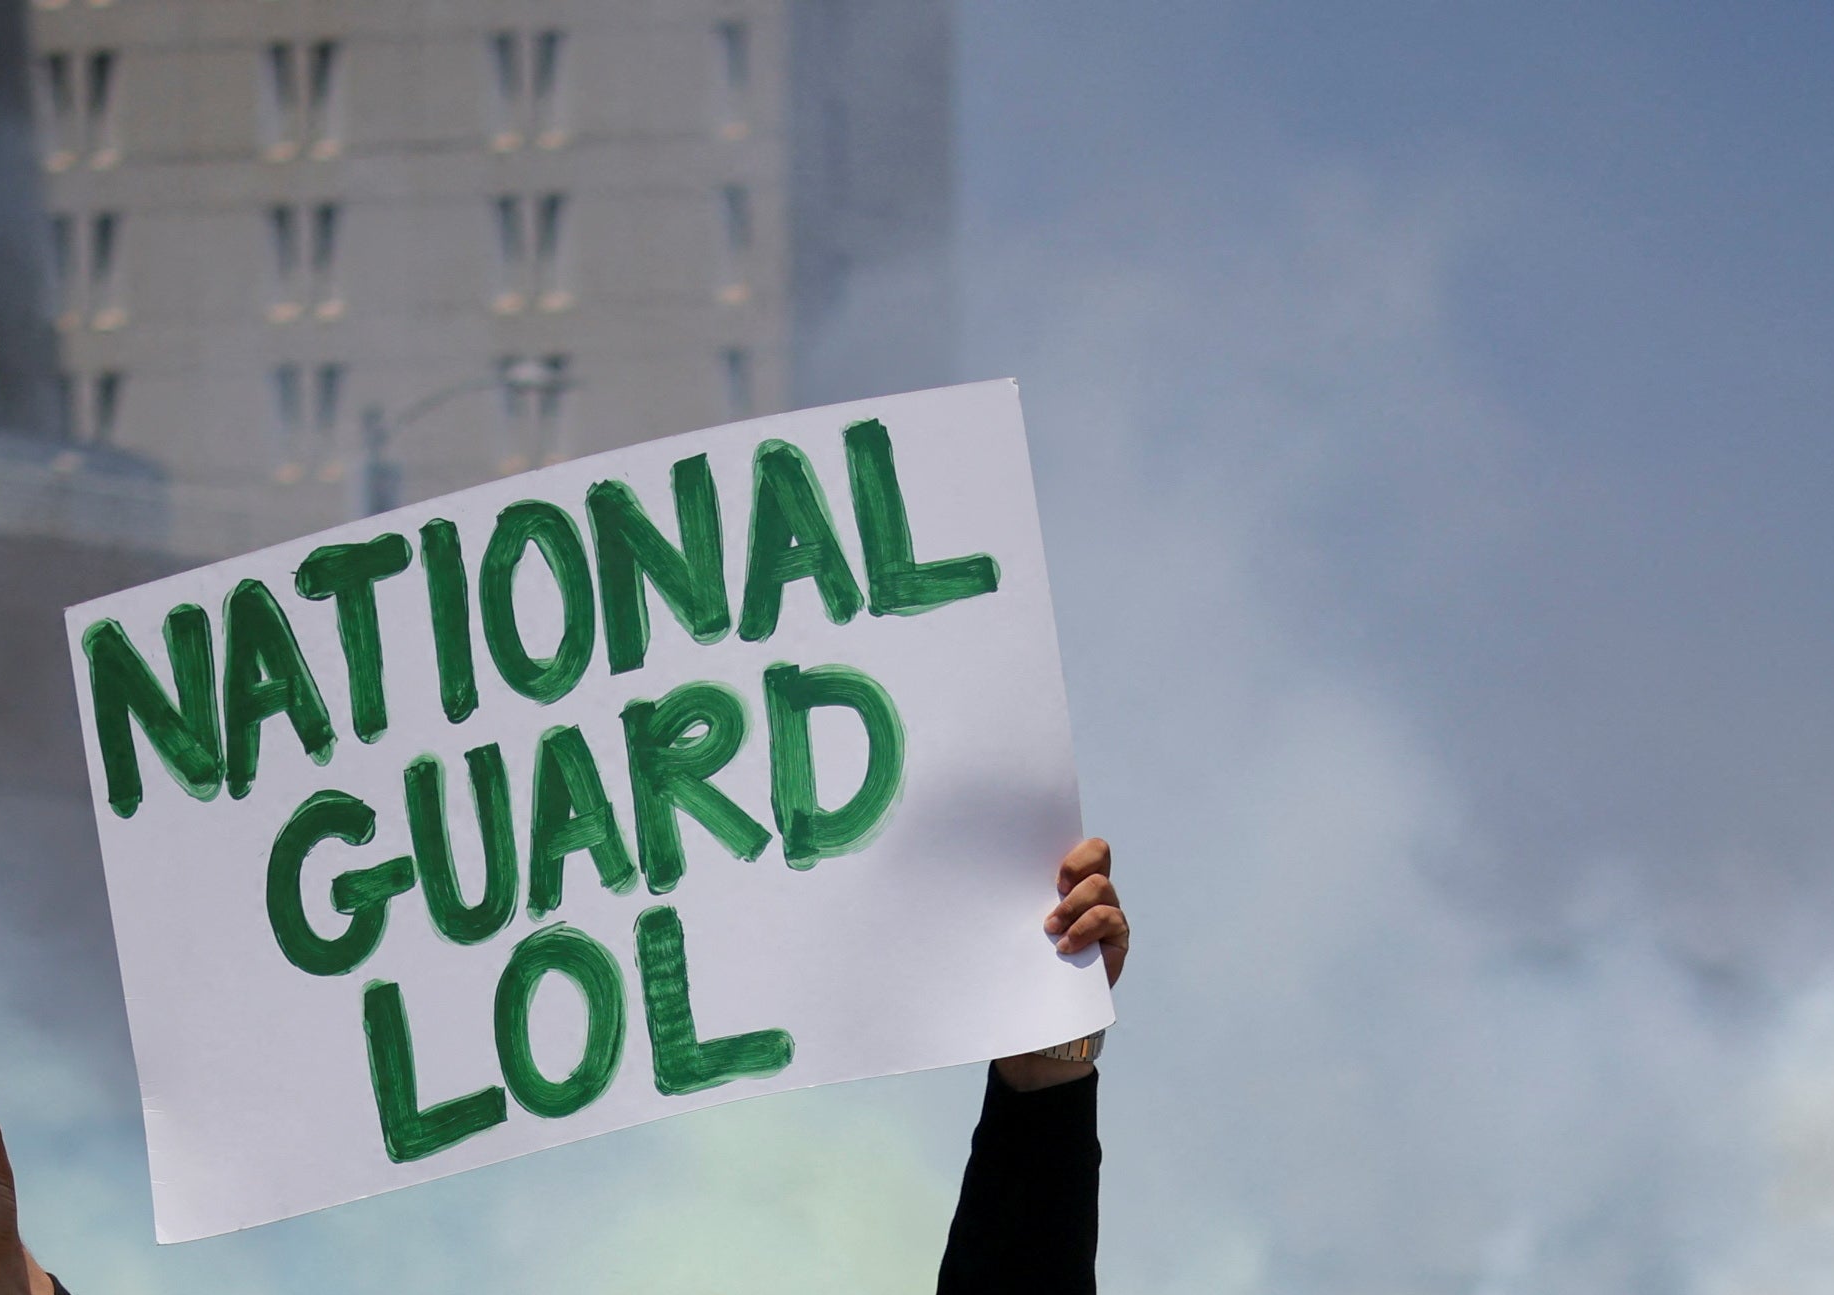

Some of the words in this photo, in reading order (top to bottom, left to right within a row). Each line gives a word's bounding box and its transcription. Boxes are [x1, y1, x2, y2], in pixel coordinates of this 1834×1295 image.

[81, 418, 1003, 819] NATIONAL
[265, 660, 909, 977] GUARD
[361, 903, 797, 1165] LOL
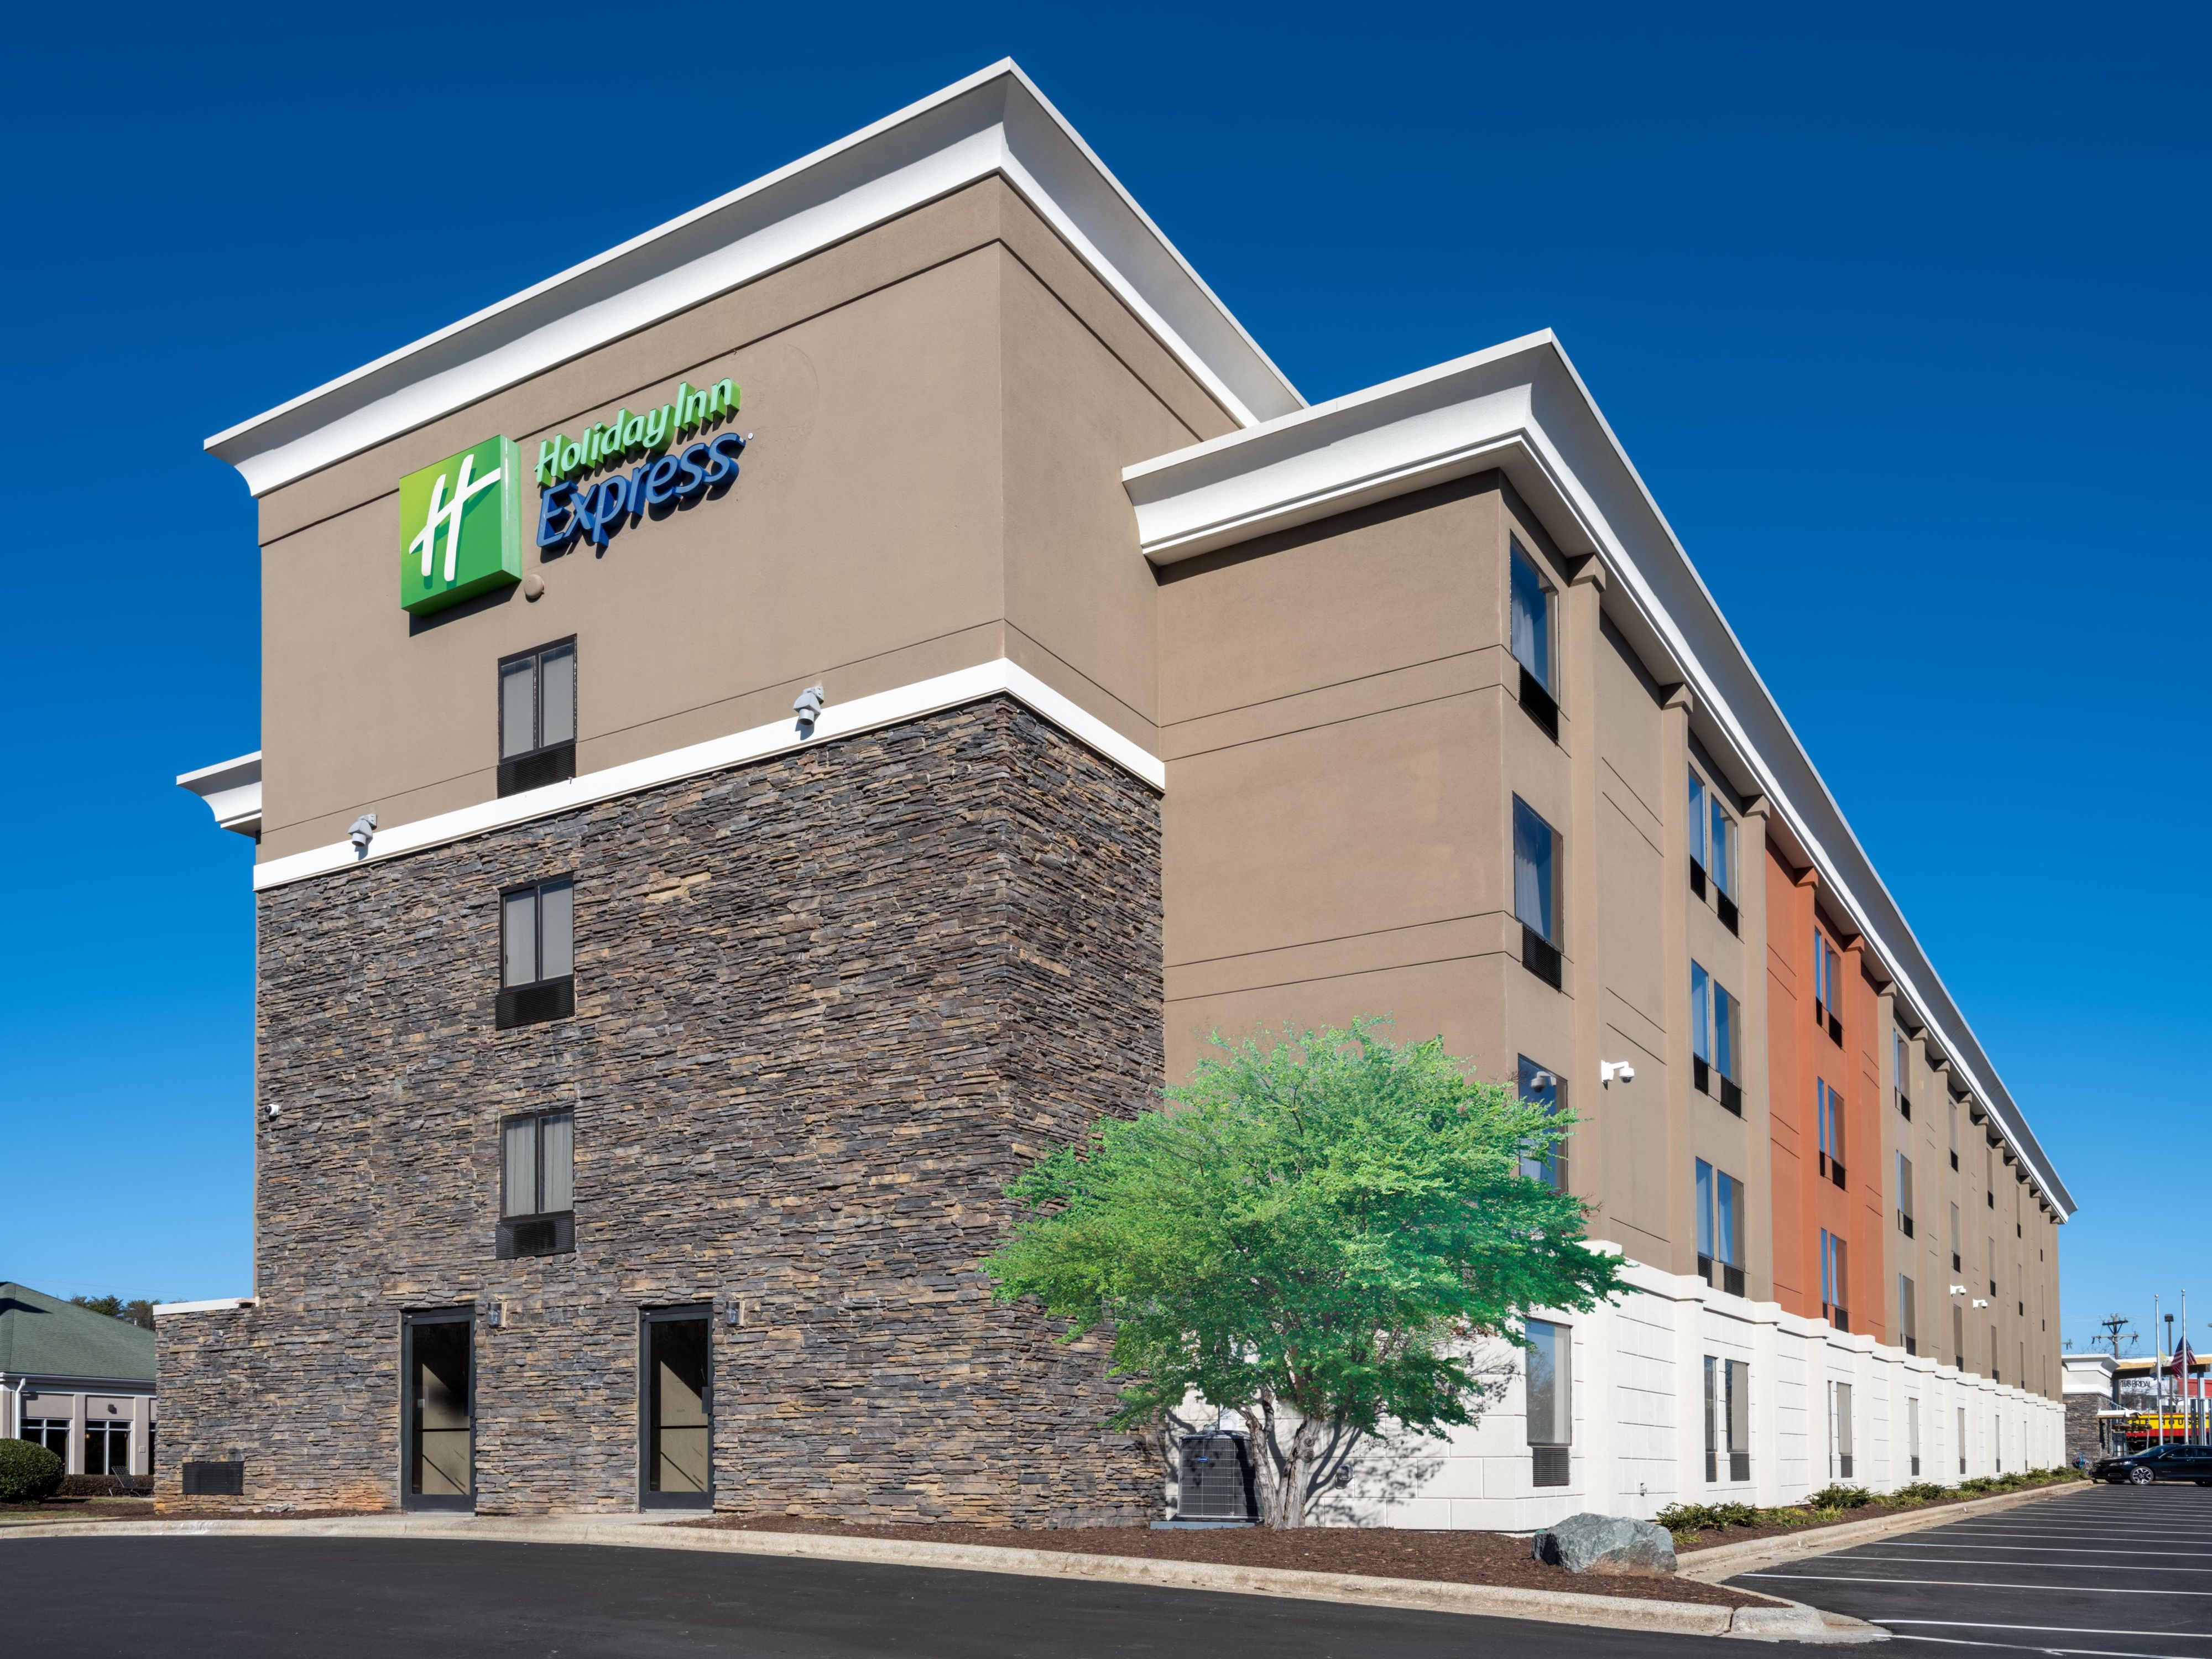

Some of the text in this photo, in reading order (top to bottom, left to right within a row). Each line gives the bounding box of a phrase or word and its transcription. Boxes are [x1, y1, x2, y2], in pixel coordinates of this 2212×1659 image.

[534, 378, 741, 487] Holiday Inn
[536, 433, 746, 548] Express

________________________________________

DIRECTIONS FOR THIS TASK
An exact retyping of the entries, without images, is the required answer.

REPLY TO THE EXERCISE
Some of the words in this photo, in reading order (top to bottom, left to right within a row). Each line gives a word's bounding box and its transcription. Boxes are [x1, y1, x2, y2], in pixel coordinates of this 1834×1295 image.

[81, 418, 1003, 819] NATIONAL
[265, 660, 909, 977] GUARD
[361, 903, 797, 1165] LOL

Some of the text in this photo, in reading order (top to bottom, left to right within a row). Each line gives the bounding box of a phrase or word and its transcription. Boxes are [x1, y1, x2, y2], in pixel coordinates of this 2212×1659 image.

[534, 378, 741, 487] Holiday Inn
[536, 433, 746, 548] Express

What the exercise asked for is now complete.